--- What you will do ---
Quote word for word the lines starting at the line with "this 1250×1666 image." and ending at the final line of the entries. Leave out any pictures.

-- Records for this task follows --

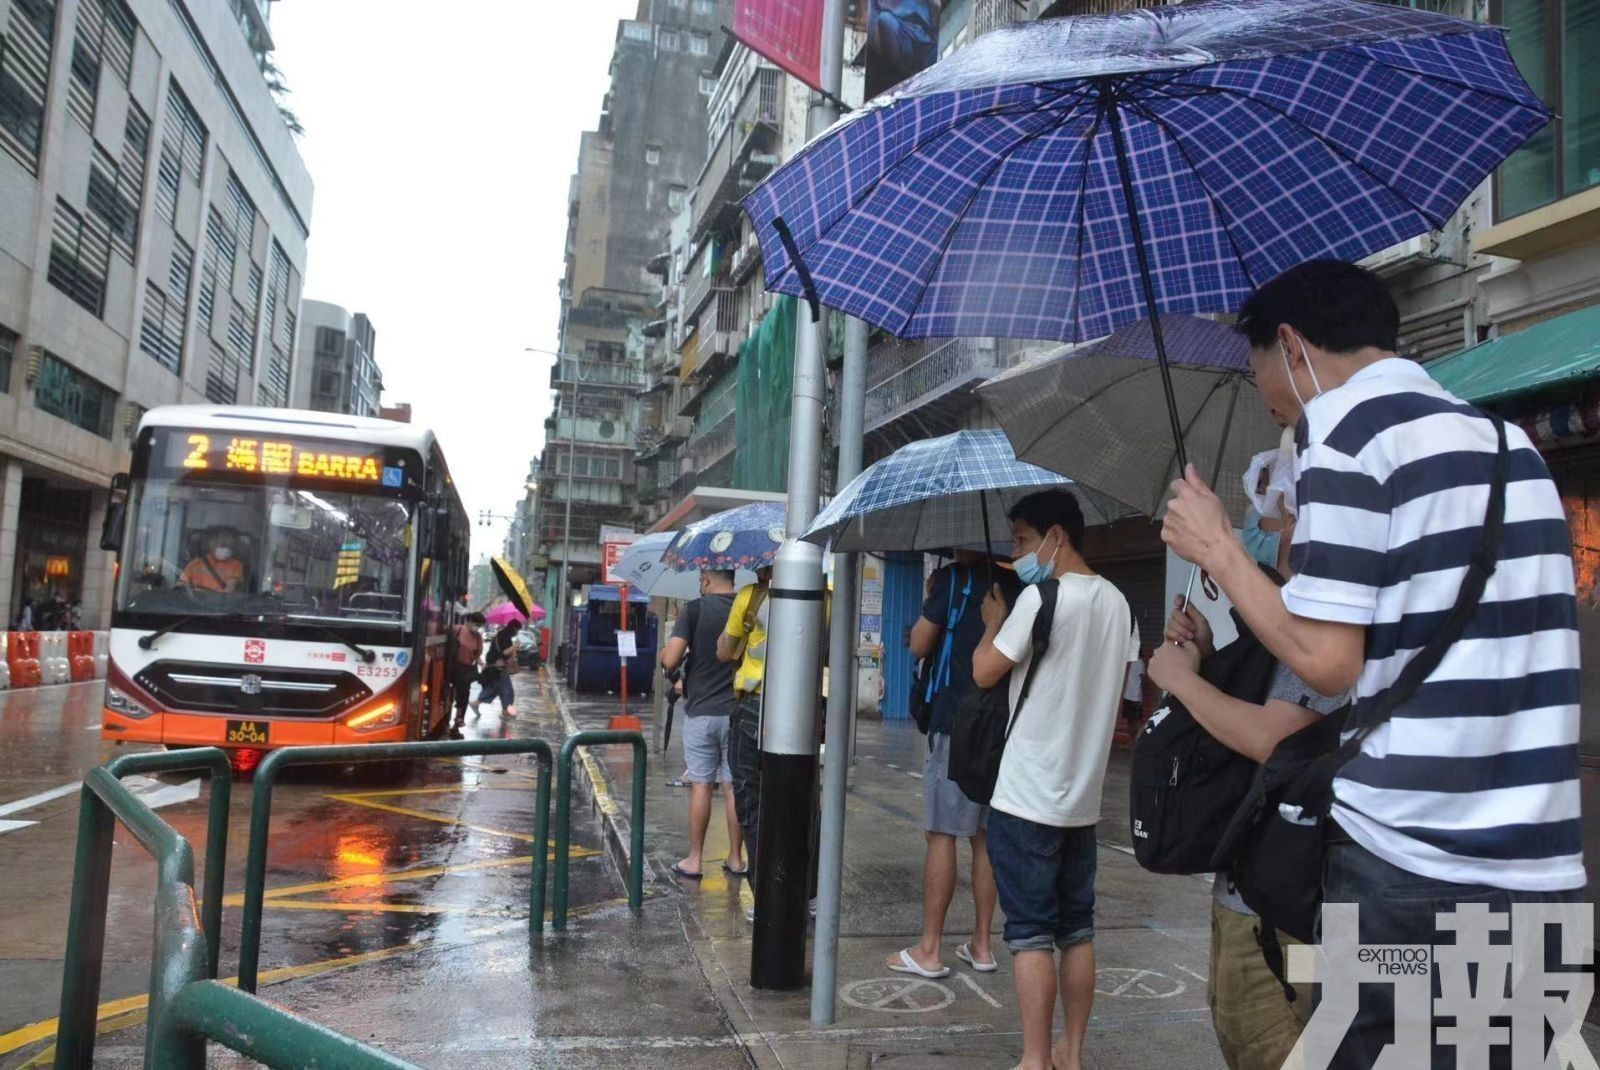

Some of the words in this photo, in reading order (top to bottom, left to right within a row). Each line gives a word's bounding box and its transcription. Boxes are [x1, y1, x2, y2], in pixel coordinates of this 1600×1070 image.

[183, 434, 210, 469] 2
[297, 452, 378, 480] BARRA
[357, 666, 398, 677] E3253
[240, 721, 255, 732] AA
[229, 731, 265, 743] 30-04
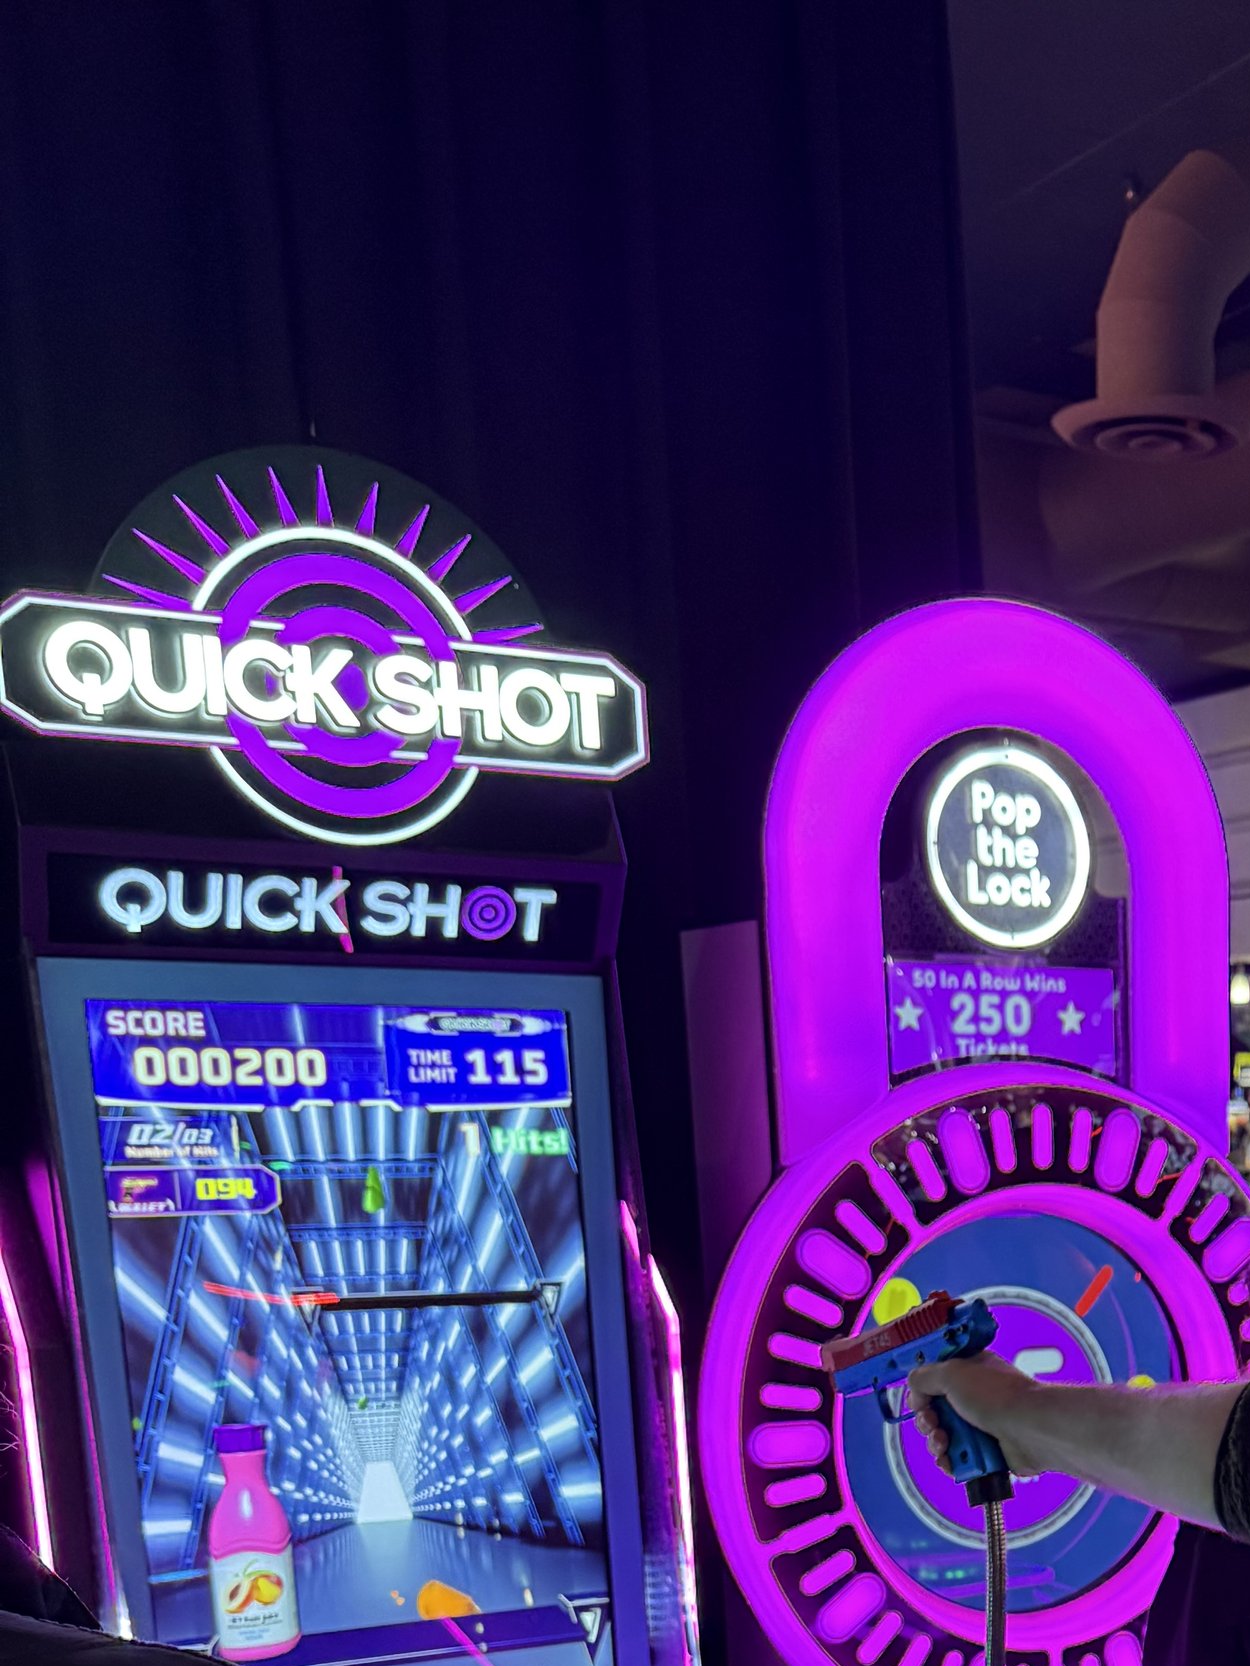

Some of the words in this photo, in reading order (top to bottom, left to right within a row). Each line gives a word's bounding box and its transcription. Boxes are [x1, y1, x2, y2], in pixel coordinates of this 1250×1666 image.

[44, 620, 363, 728] QUICK
[370, 656, 615, 749] SHOT
[970, 778, 1042, 835] Pop
[976, 823, 1040, 869] the
[966, 858, 1052, 908] Lock
[98, 866, 350, 936] QUICK
[360, 878, 559, 943] SHOT
[911, 968, 937, 989] 50
[939, 969, 960, 990] In
[962, 969, 977, 991] A
[979, 969, 1021, 992] Row
[1024, 972, 1067, 994] Wins
[105, 1009, 206, 1038] SCORE
[950, 991, 1032, 1037] 250
[407, 1048, 453, 1066] TIME
[955, 1036, 1030, 1058] Tickets
[133, 1046, 327, 1087] 000200
[408, 1066, 458, 1084] LIMIT
[464, 1048, 550, 1085] 115
[490, 1125, 570, 1156] Hits!
[194, 1177, 257, 1201] 094
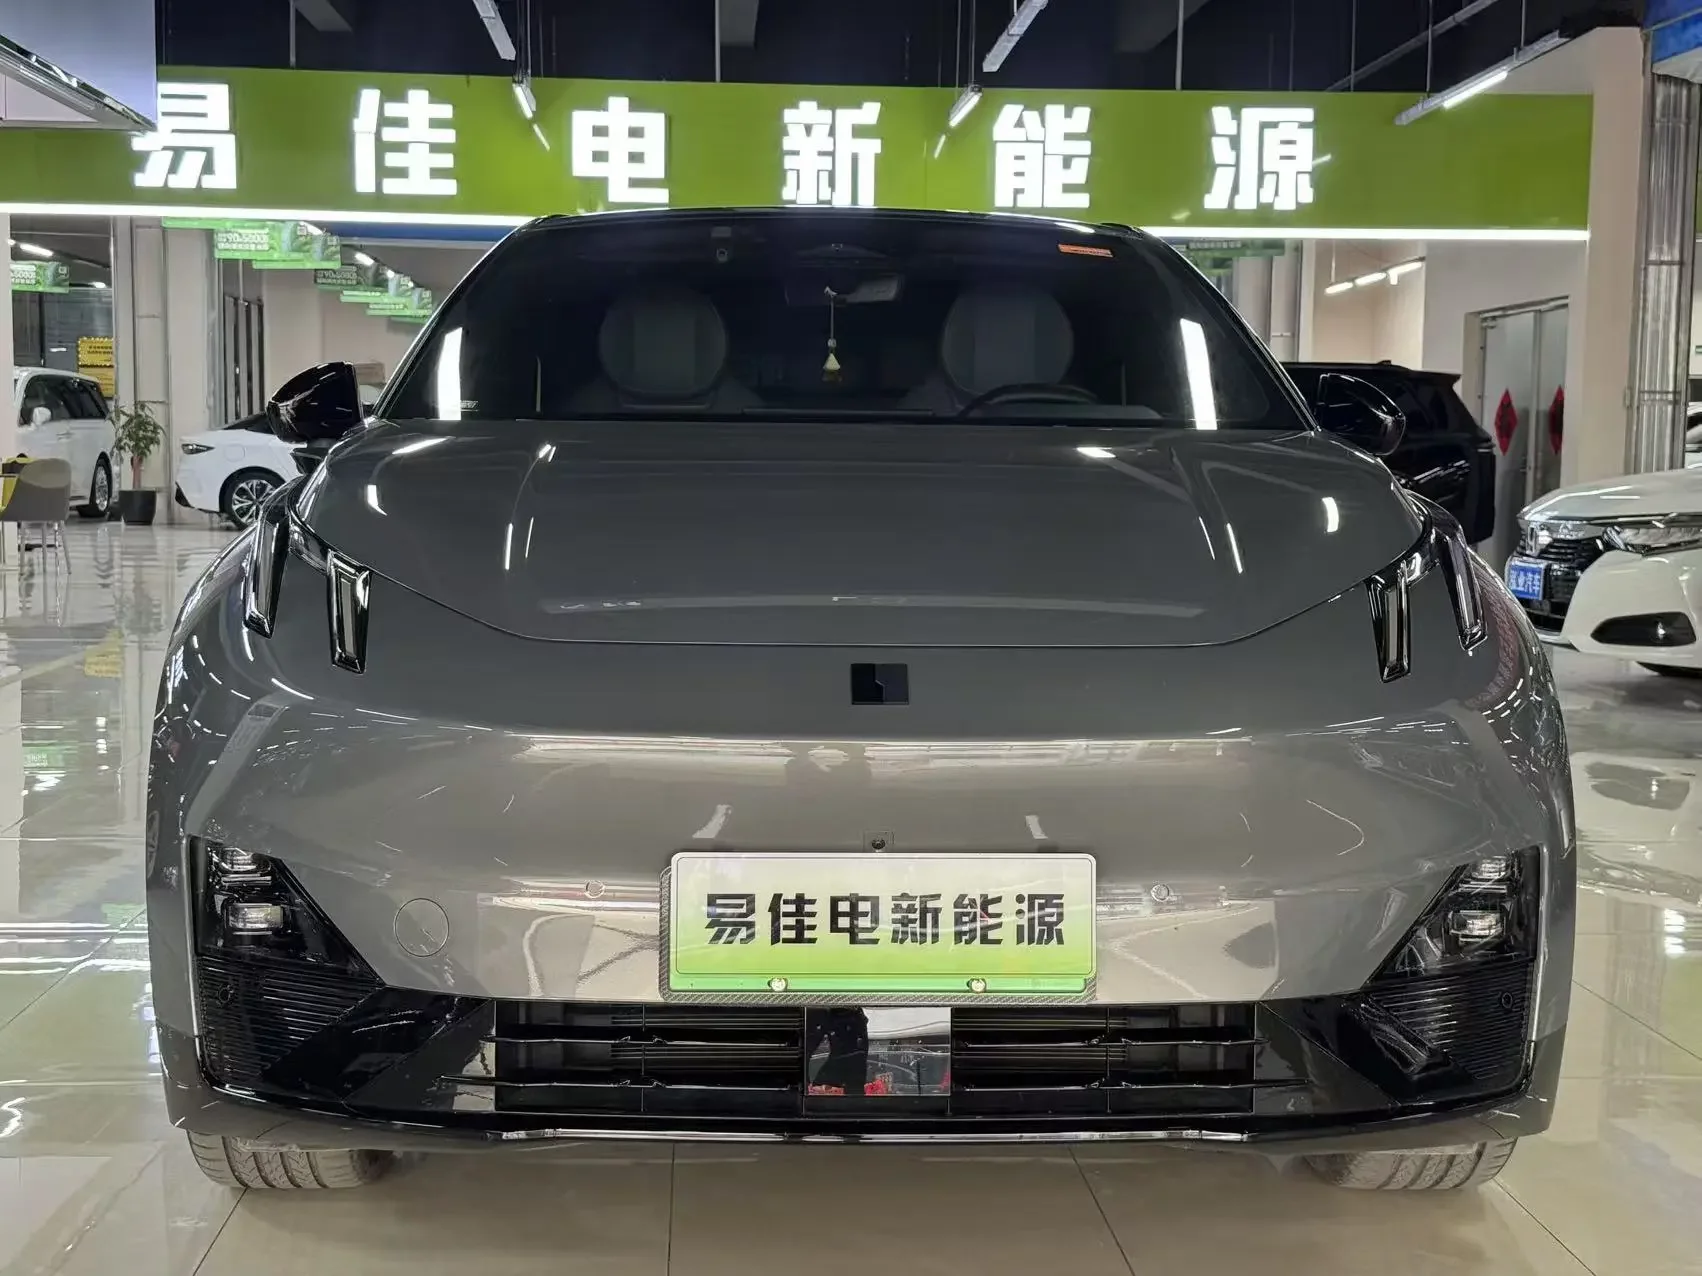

-- Records for this task concluded --

--- Answer section ---
Some of the words in this photo, in reading order (top to bottom, left to right within a row). Each line gives a word's bounding box and its transcription. Boxes are [x1, y1, x2, y2], in pixel coordinates of this 1250×1666 image.

[44, 620, 363, 728] QUICK
[370, 656, 615, 749] SHOT
[970, 778, 1042, 835] Pop
[976, 823, 1040, 869] the
[966, 858, 1052, 908] Lock
[98, 866, 350, 936] QUICK
[360, 878, 559, 943] SHOT
[911, 968, 937, 989] 50
[939, 969, 960, 990] In
[962, 969, 977, 991] A
[979, 969, 1021, 992] Row
[1024, 972, 1067, 994] Wins
[105, 1009, 206, 1038] SCORE
[950, 991, 1032, 1037] 250
[407, 1048, 453, 1066] TIME
[955, 1036, 1030, 1058] Tickets
[133, 1046, 327, 1087] 000200
[408, 1066, 458, 1084] LIMIT
[464, 1048, 550, 1085] 115
[490, 1125, 570, 1156] Hits!
[194, 1177, 257, 1201] 094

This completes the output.